Under normal conditions, platelets adhere to damaged subendothelium through the interaction of various ligands and receptors. After platelets adhere, they change shape to facilitate cross-bridging, which leads to platelet activation. Platelet activation involves the release and synthesis of agonists (adenosine diphosphate, serotonin, epinephrine, platelet-activating factor, and thromboxane A2) from the platelets, which recruit additional platelets and promote further adhesion and activation.1Platelet activation can also occur independently of aggregation in the presence of thrombin.

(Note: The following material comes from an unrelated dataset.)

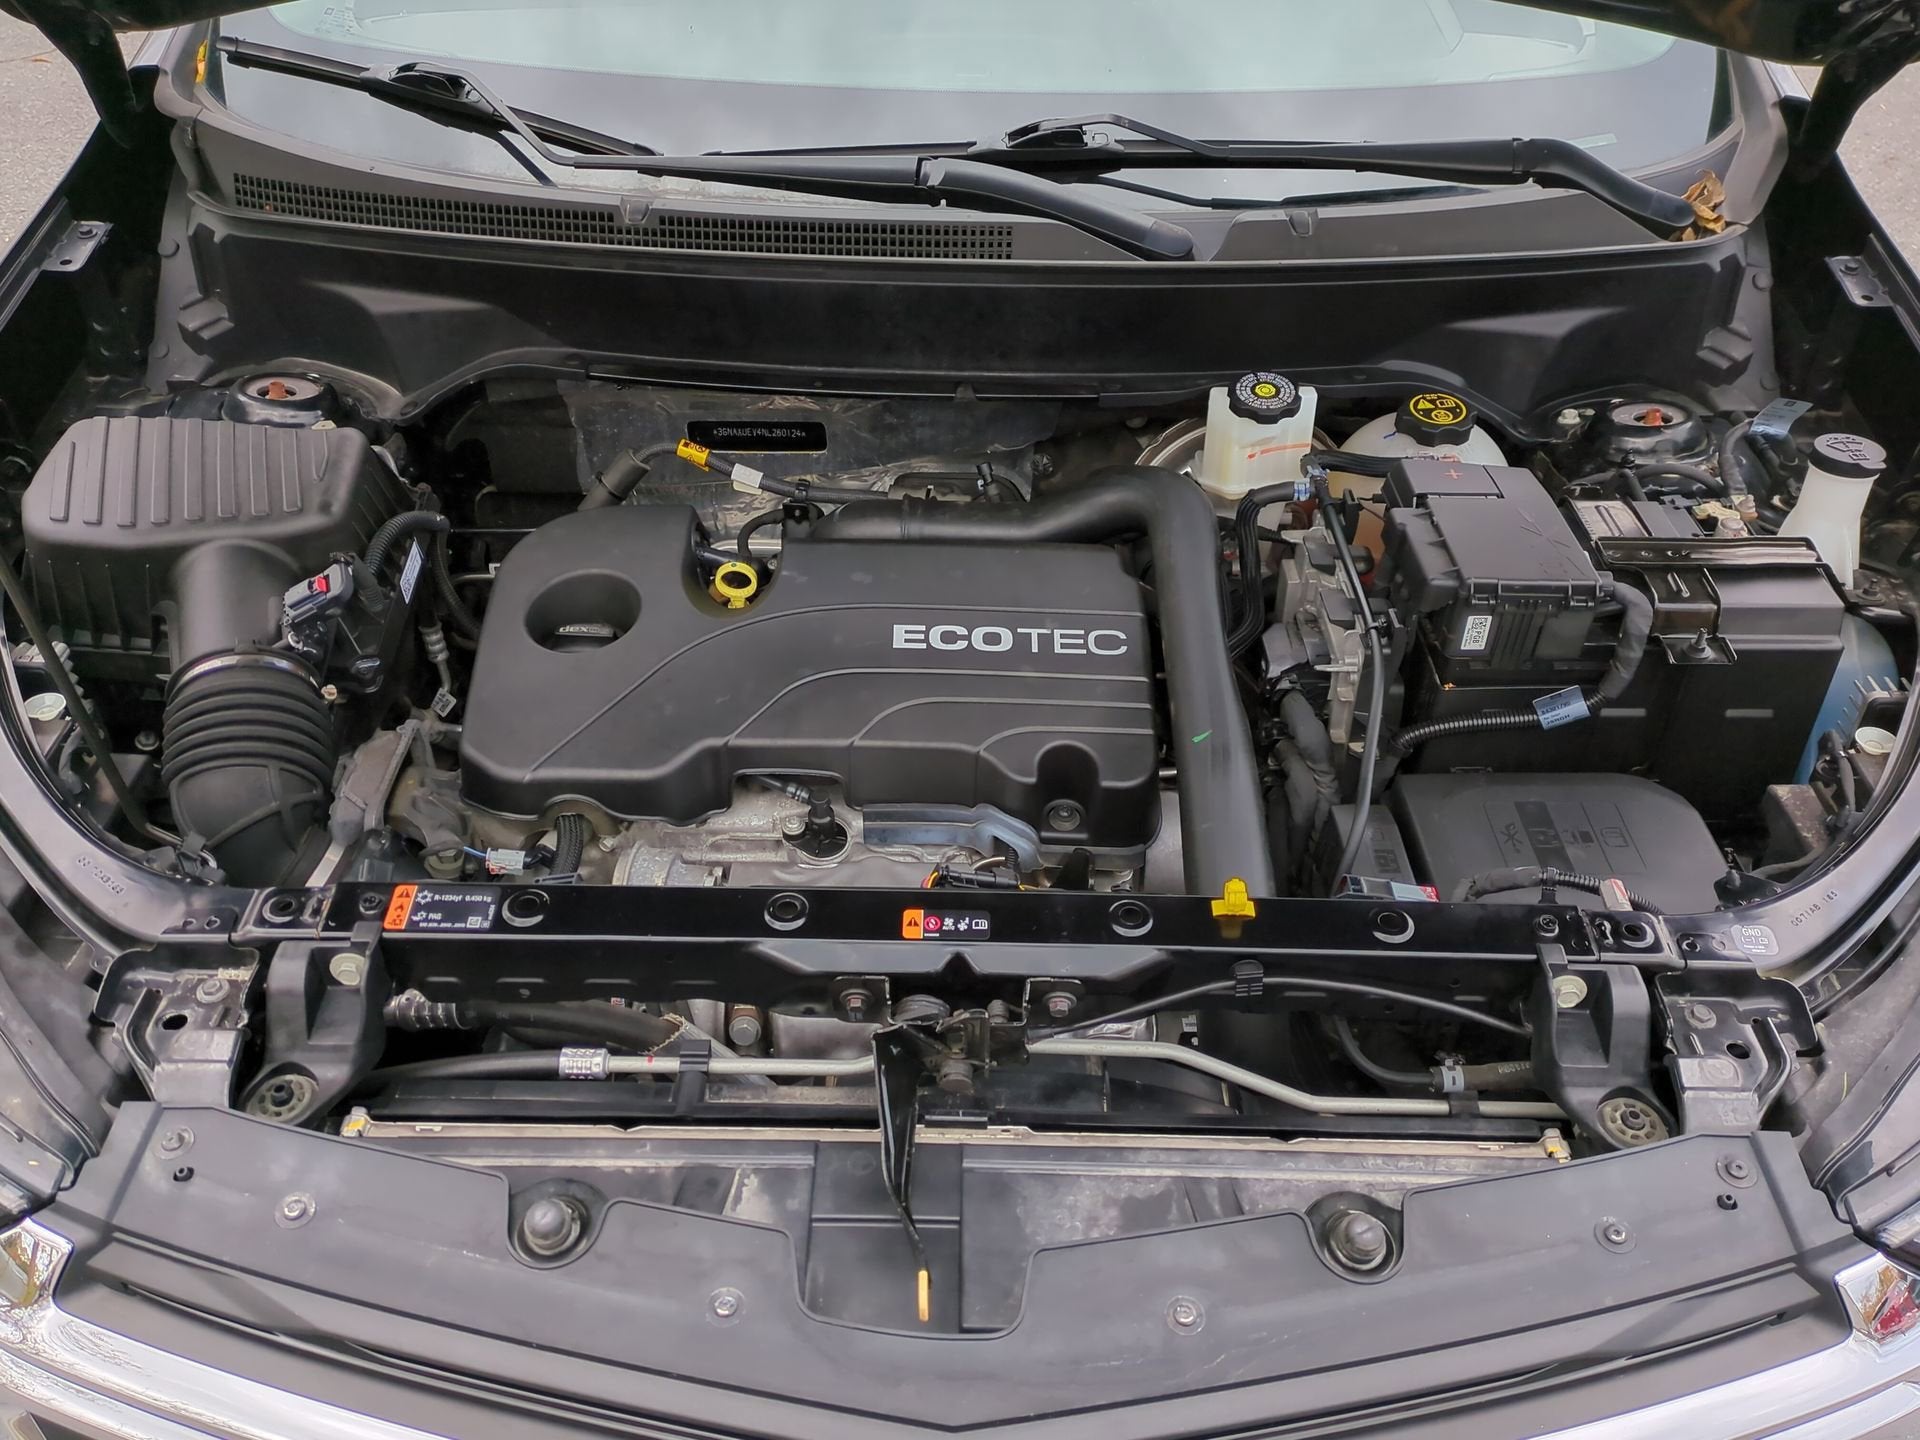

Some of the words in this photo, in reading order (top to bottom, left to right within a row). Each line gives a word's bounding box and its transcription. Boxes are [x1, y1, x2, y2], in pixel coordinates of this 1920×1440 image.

[892, 624, 1128, 655] ECOTEC
[1472, 630, 1482, 644] PGB
[1742, 928, 1761, 937] GND

Thrombin is a potent platelet activator, and inflammation may trigger thrombin production and circulation and lead to widespread platelet activation.2 The activated platelet membranes provide a framework for the assembly of coagulation factors and catalyze fibrinogen's conversion to fibrin.1
Initiation involves the exposure of tissue factor to blood after endothelial damage. Circulating activated factor VII then binds to tissue factor, leading to activation of the common pathway and a small amount of thrombin production. The small amount of thrombin produced by this reaction is then free to activate platelets as well as start the amplification phase.
In the propagation phase, fibrinogen is cleaved into fibrin, which is further cross-linked by factor XIII, resulting in stable thrombus formation.2 Many of these processes occur on the activated platelet surface.